Don't make it more than one page of notes. You don't want to become overwhelmed trying to read them in the moment and appear distracted. The goal is to refer to your notes minimally. Use them only to remind you of points you have already practiced.
Prepare for the most common interview questions and ensure you're up to date on the latest news about the company.
- Be engaged
Like power poses, using engaged body language during the interview is going to help you answer with confidence and energy. If on camera, use hand gestures, particularly if sharing personal reflections, it could be an idea to move your hands close to your heart. Even if the call is just over the phone, the right posture will help you sound more friendly, open, and sure of yourself.
On the flip side, slouching can cause you to feel tired and want to be done. Crossing your arms or your legs will look like you aren’t fully engaged and can cause a kind of mental block that makes it hard to really take in the information.
Speak to the camera. Television anchors use a teleprompter to make “eye contact” with the audience. Can you imagine watching a 30-minute program where the host is talking to his notes the entire time? Well, that’s exactly what you’re doing if you’re talking to the screen and not the web camera. Remembering that speaking directly to the camera is difficult, so schedule practice sessions with a friend or family member.
When answering questions, use the STAR Method:
- Situation: Set the scene and give the necessary details of your example.
- Task: Describe what your responsibility was in that situation.
- Action: Explain exactly what steps you took to address it.
- Result: Share what outcomes your actions achieved.
Using this method of answering interview questions allows you to provide concrete examples or proof that you possess the experience and skills for the job at hand. You'll be able to share examples of how you successfully handled situations in the past.
Slow down the pace of your speech. It’s natural to speak rapidly at an in-person meeting because you can read a host of non-verbal cues and recognize when to keep quiet or let someone else have the floor. Those cues are hard to read in virtual settings. Although it might feel odd, slowing down your rate of speech will make it easier for your listener to follow the conversation. It also makes it less likely that you’ll interrupt the interviewer. A bonus of speaking more slowly is that you’ll use fewer filler words like “ums” and “ahs” that many listeners find annoying.

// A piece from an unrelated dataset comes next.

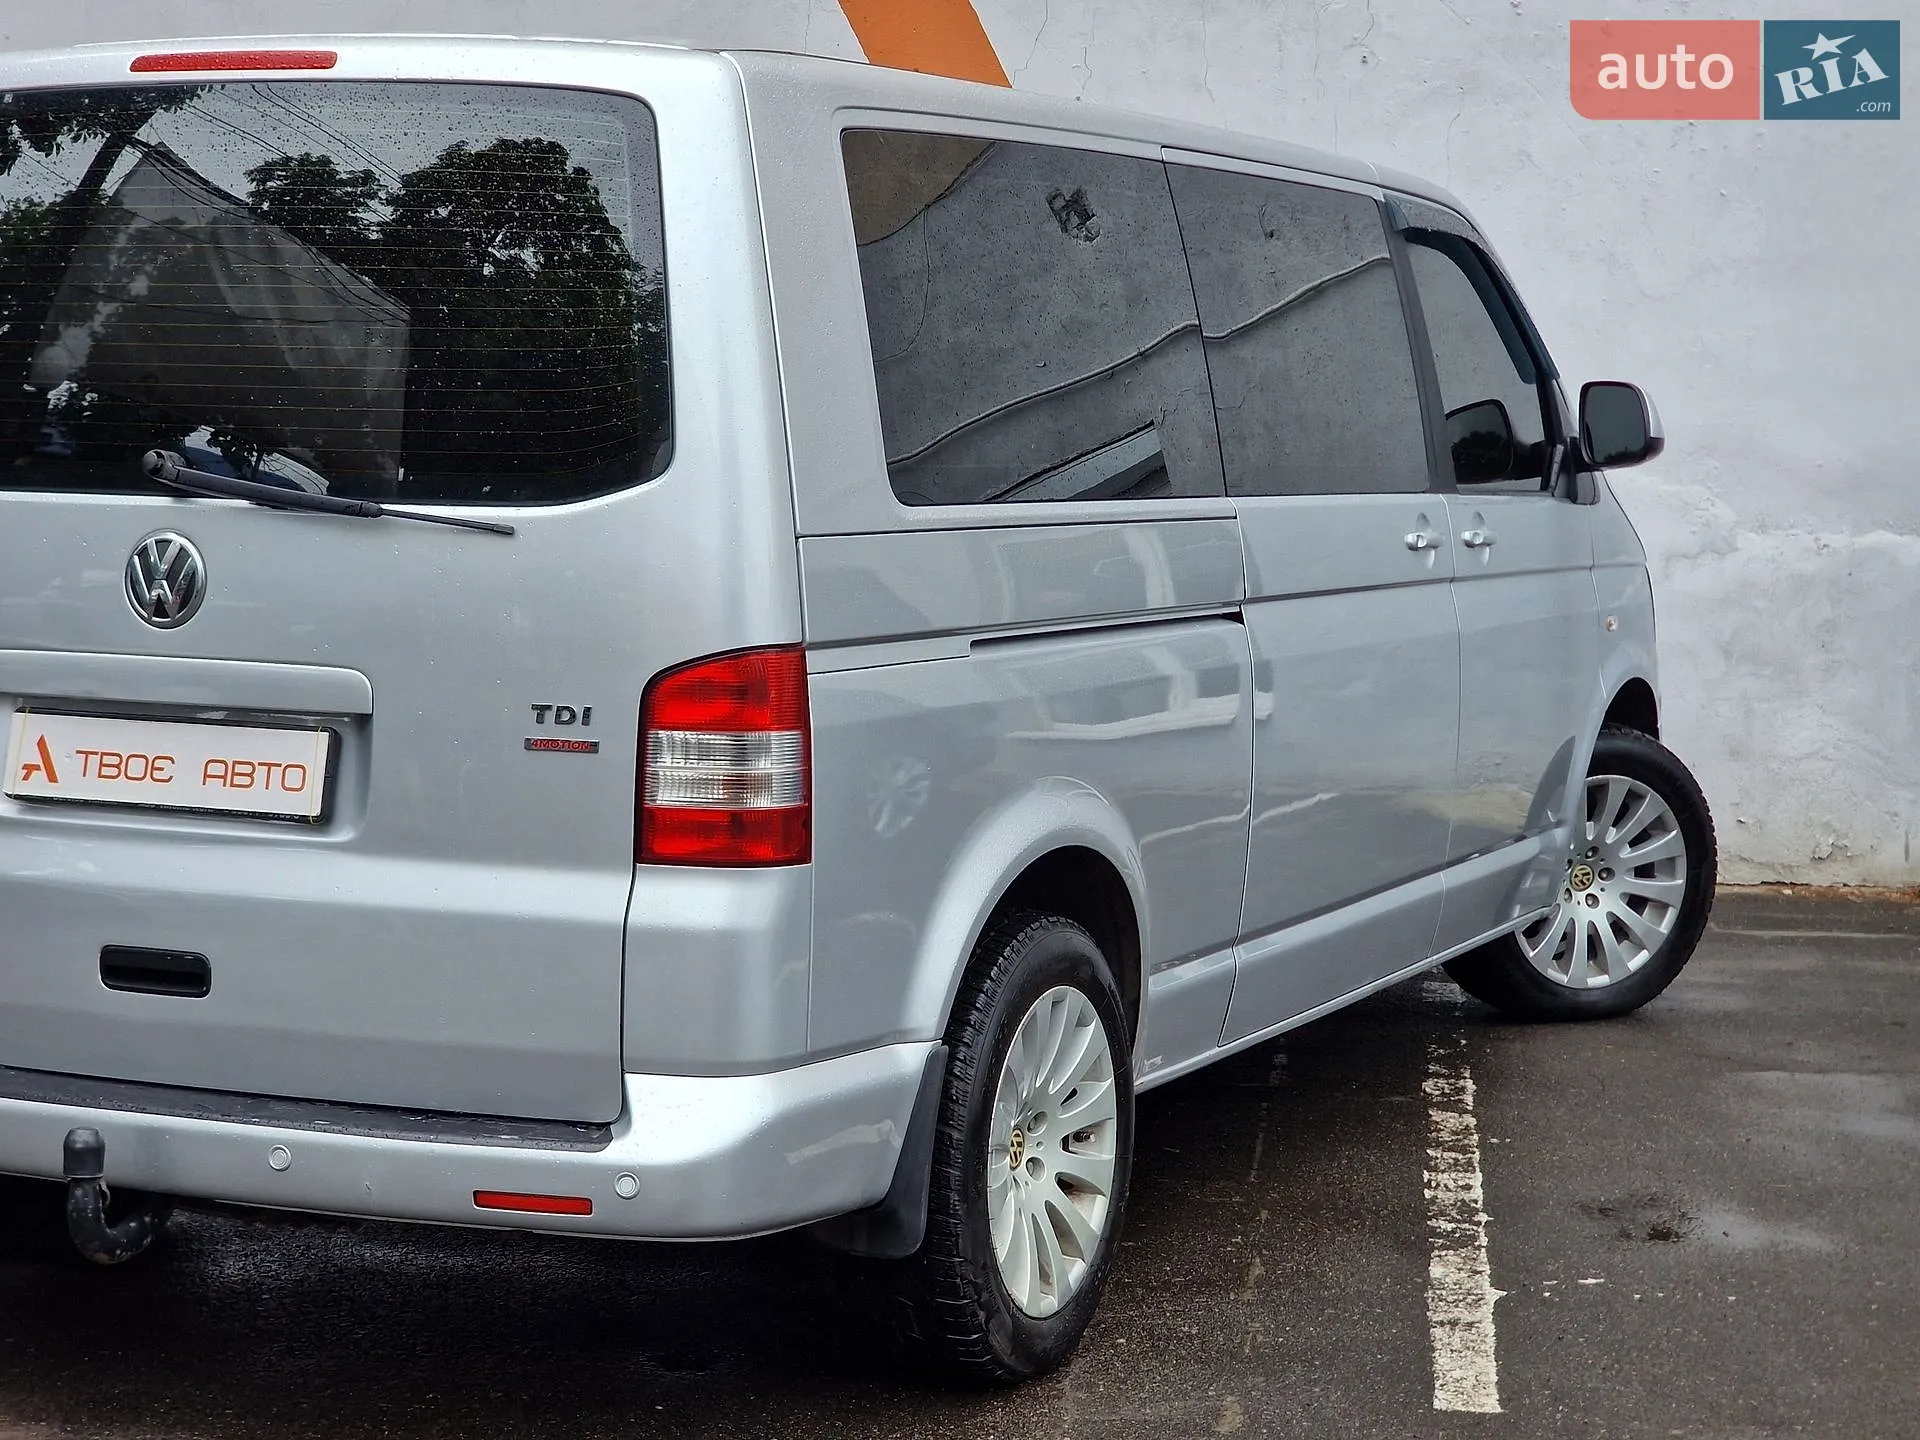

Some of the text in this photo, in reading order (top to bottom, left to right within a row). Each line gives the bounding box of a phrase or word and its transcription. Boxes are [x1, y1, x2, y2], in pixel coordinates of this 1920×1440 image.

Prepare by doing some research on the company and industry. Try to think of five good questions that aren’t about salary or benefits (you can have those, too, but they are too easy. They don’t let the interviewer know you’ve done your homework and your serious about the job.)
You want to think up five in case some of them are naturally answered along the way. Most interviewers ask at the end if you have questions and having two or three questions to ask will show you’ve put thought into this.
- Follow up
Within 24 hours of the interview, send an individual thank you email to everyone you met. Not only will it show you value their time, but it provides you the opportunity to resell yourself and express the unique strengths you bring to the role or share any talking points you forgot to address.
If there was something specific you bonded over, mention that in the email so you stay top of mind. Or if an interviewer brought up a particular business challenge, use the follow-up to propose potential solutions. Just keep the email concise; you want your note to leave a lasting impression, not immediately end up in the trash.